When people come to Israel and look at ruins and artifacts, often they immediately think of grand castles and fortresses and full towns as being the most exciting things to see, and there is no doubt that they are impressive. However there are other ruins that are often overlooked and are actually very important to the history of Israel and can help paint a picture of Biblical stories… Houses in Israel.

Houses In Israel During Abraham’s Time

During Abraham’s time, Israel was actually Canaan. Canaanite cities and towns employed city walls and buildings. You can see an example of this at “Abraham’s Gate”, an impressive city gate that was discovered in the Dan Ecological Preserve in northern Israel. It boasts an arched gate, which historians believed was a Roman invention until its discovery. This arch predates the earliest Roman ruins by 1500 years. It may very well be the first arch made anywhere in mankind.

Abraham is known to have visited this city, but he himself lived differently. The Israelites started out as nomads. They lived in tents and followed their flocks and moved from place to place. The tents would house a wife, and generally be split into two rooms. Since many at the time had multiple wives, the patriarch would keep his wives in their own tents with their own belongings and simply visit each tent. He possibly even had his own tent. Work would be done in one part, and sleeping in the other. Some archeologists theorize that they were influenced by the canaanites to start living in more permanent dwellings. Even then, they still kept the format of one room in the front and one in the back for the same purposes.

Houses in Israel During Jesus’ Time

Eventually through the time of King David and the Temples, life for the Israelites largely left the nomadic life unless you were a shepherd. Permanent homes became the normal way. The structure of these houses changed however. Instead of seeing the two room, tent format, you instead saw homes with courtyards and rooms coming off of the courtyard. The rooftops were used for work that needed light. Then small rooms were used for living, cooking, storing food, and sleeping. Most homes had very little furniture, mostly sitting on the floor eat and maybe having a stuffed mat to sleep on. Furniture was reserved for the very wealthy.

One example of the ruins of an ancient home that has been well preserved is the home of Peter’s mother-in-law in Capernaum.

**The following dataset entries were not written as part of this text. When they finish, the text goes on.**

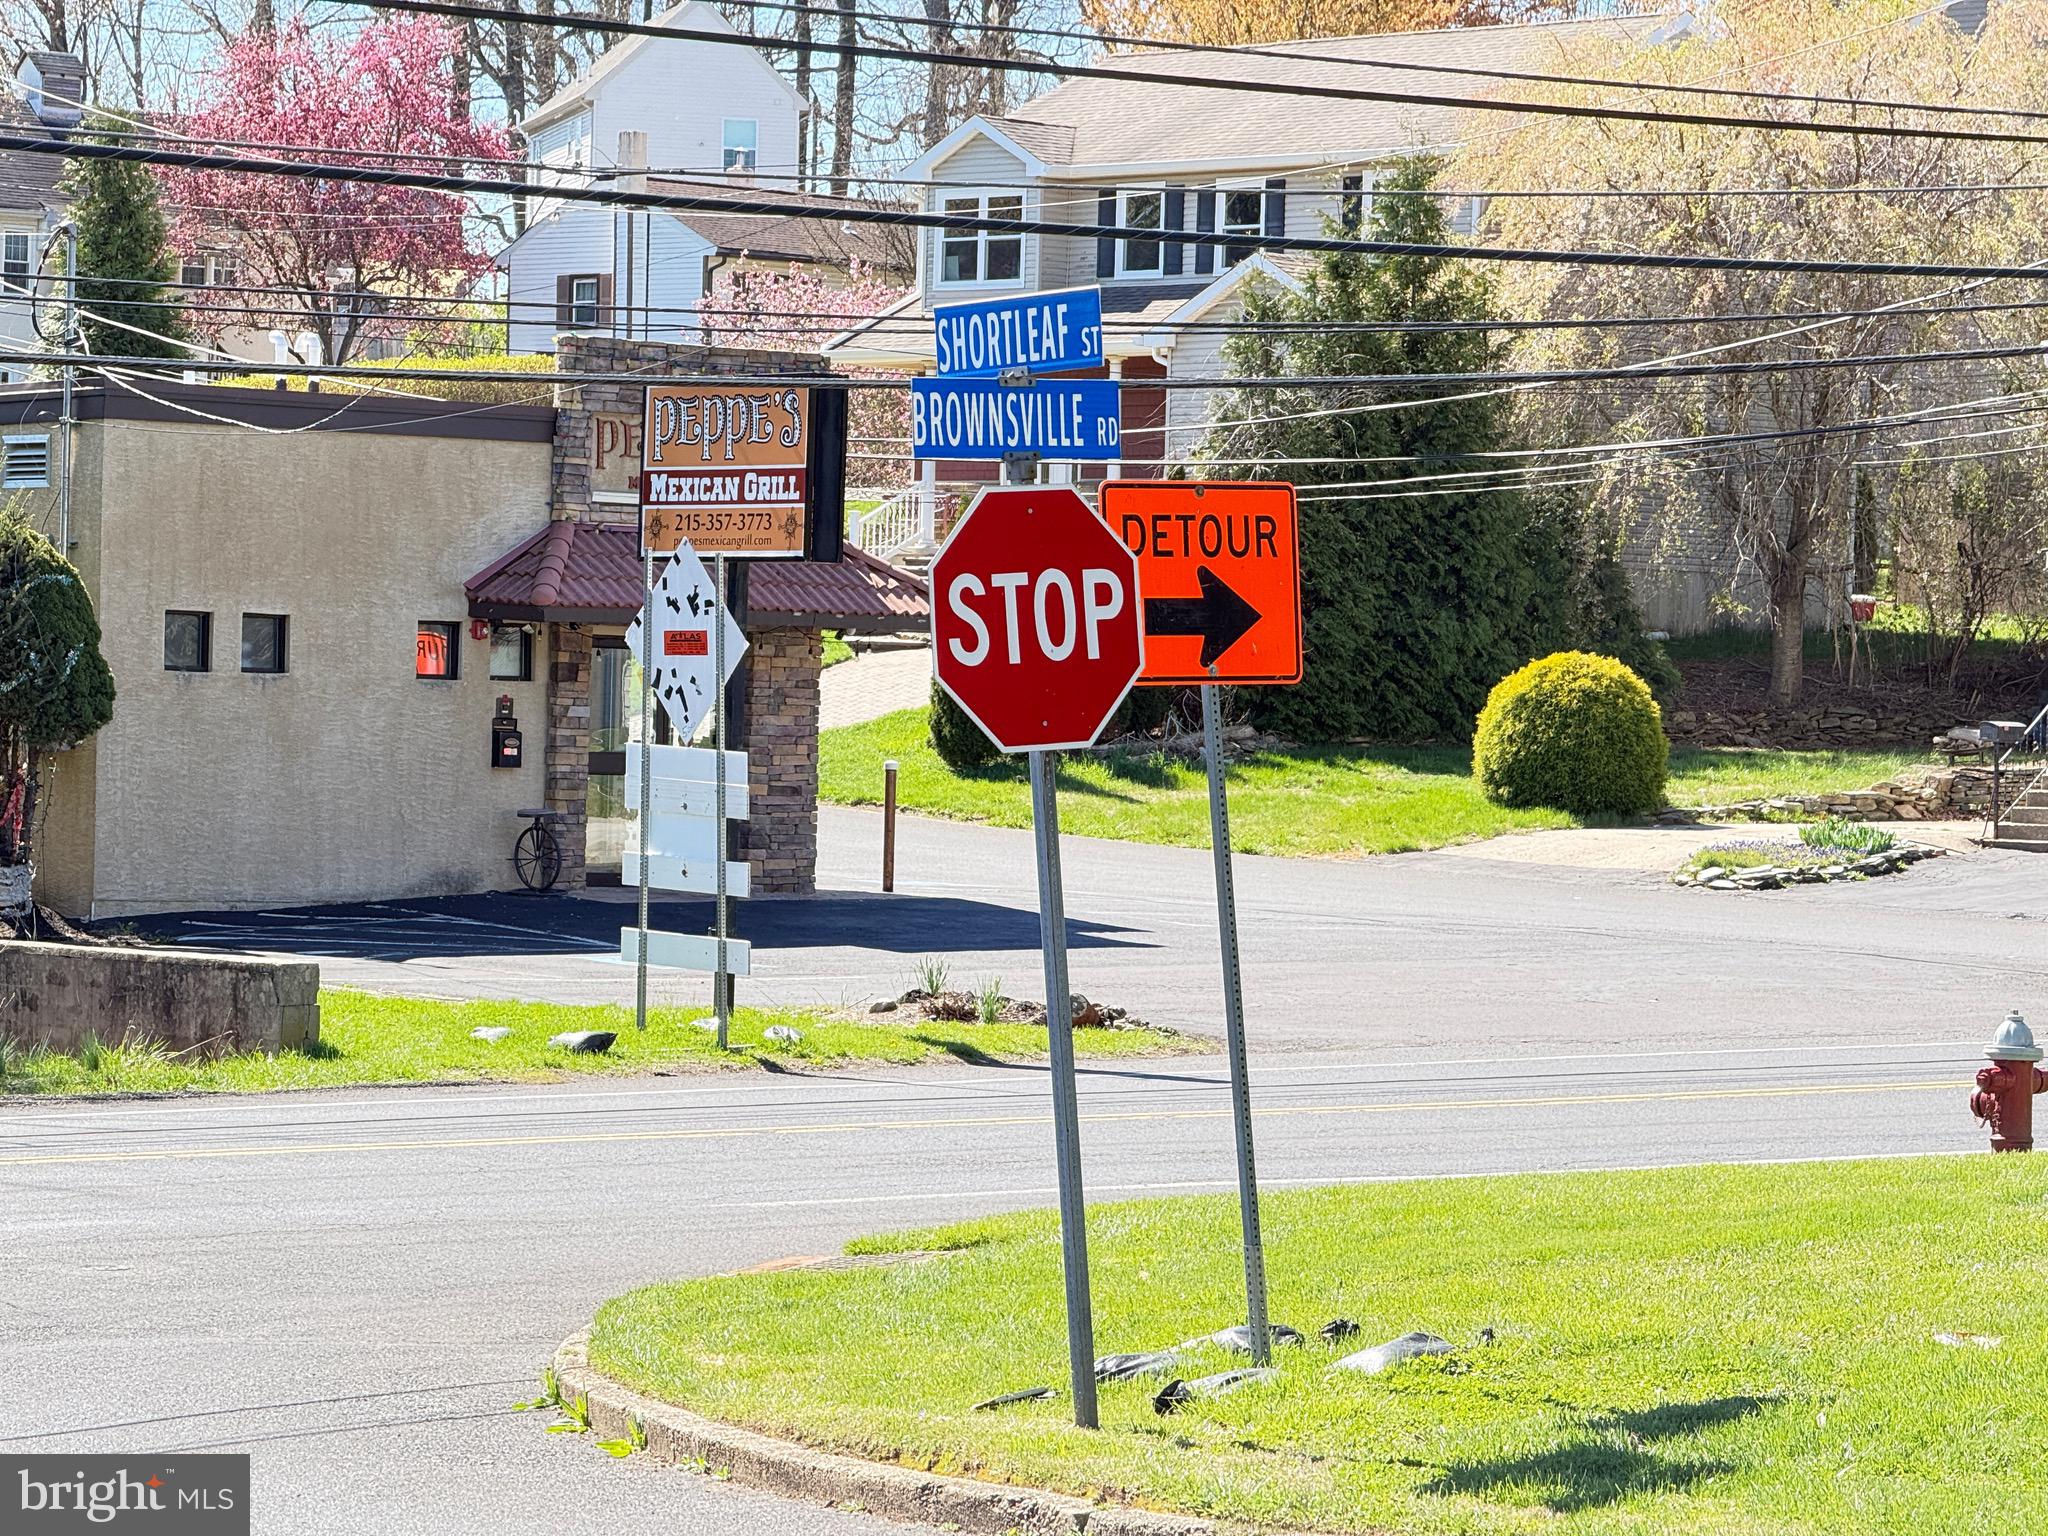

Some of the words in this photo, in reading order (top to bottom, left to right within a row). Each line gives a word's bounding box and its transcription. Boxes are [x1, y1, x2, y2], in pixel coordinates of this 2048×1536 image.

[938, 304, 1068, 373] SHORTLEAF
[1081, 326, 1100, 357] ST
[653, 389, 802, 461] PEPPE'S
[913, 392, 1085, 447] BROWNSVILLE
[1097, 416, 1118, 446] RD
[673, 534, 772, 550] ppesmexicangrill.com
[674, 512, 773, 532] 215-357-3773
[1121, 514, 1278, 558] DETOUR
[948, 567, 1124, 667] STOP

This house is well preserved under a unique Catholic church.

Due to the size and socio economic status of Nazareth, it is theorized by some that Joseph wasn’t a carpenter, but perhaps instead it should be translated to “craftsman” as there wouldn’t have been much need for a furniture builder. Perhaps he was instead a skilled builder.

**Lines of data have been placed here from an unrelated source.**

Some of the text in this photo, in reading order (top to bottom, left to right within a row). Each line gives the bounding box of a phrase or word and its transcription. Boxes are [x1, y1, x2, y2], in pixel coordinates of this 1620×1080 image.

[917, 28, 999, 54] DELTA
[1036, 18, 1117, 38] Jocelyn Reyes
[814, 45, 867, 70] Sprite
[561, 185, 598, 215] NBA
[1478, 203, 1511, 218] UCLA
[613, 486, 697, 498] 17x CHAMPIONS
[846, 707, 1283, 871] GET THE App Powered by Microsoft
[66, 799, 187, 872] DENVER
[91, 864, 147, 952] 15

In fact, some believe they have found the boyhood home of Jesus based on the idea that Joseph would have been a skilled builder. The 1st century home was found under the believed “Church of Nutrition” in Nazareth. It’s a normal home for the time, but it’s building techniques are more advanced than you see in other homes of the area. It is possible that Joseph built this home and perhaps he would travel to do work for wealthier people in other areas. The house does seem like it was built with more skill than befits the class of home.

Houses in Israel During Modern Times

Today, Israel is home to nearly 10 million people. It’s a true melting pots of lifestyles and dwellings. You will see very modern penthouses and estates built with every bell and whistle you can think of and pass a Bedouin shepherd on the road in his tent and flocks to get there! Many people in Israel live in apartments as the housing costs are very high. Others live in other multi-family situations, such as duplexes and cottages. Some still live in a single family home. It is not uncommon for some Arabic citizens to live in one home, but with different branches of the family having their own portion of the house.